• _ACTIVITY_
Restate the listing exactly and in full.

___

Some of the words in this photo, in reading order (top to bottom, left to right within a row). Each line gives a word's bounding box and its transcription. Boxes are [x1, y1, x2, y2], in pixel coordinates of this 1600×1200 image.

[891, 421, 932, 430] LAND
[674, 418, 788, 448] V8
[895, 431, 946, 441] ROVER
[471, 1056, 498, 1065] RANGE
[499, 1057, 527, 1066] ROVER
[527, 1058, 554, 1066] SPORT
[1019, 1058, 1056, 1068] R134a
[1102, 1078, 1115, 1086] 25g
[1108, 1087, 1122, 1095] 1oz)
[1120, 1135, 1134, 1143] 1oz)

___

• _SOLUTION TO THIS PROBLEM_
Some of the words in this photo, in reading order (top to bottom, left to right within a row). Each line gives a word's bounding box and its transcription. Boxes are [x1, y1, x2, y2], in pixel coordinates of this 1600×1200 image.

[891, 421, 932, 430] LAND
[674, 418, 788, 448] V8
[895, 431, 946, 441] ROVER
[471, 1056, 498, 1065] RANGE
[499, 1057, 527, 1066] ROVER
[527, 1058, 554, 1066] SPORT
[1019, 1058, 1056, 1068] R134a
[1102, 1078, 1115, 1086] 25g
[1108, 1087, 1122, 1095] 1oz)
[1120, 1135, 1134, 1143] 1oz)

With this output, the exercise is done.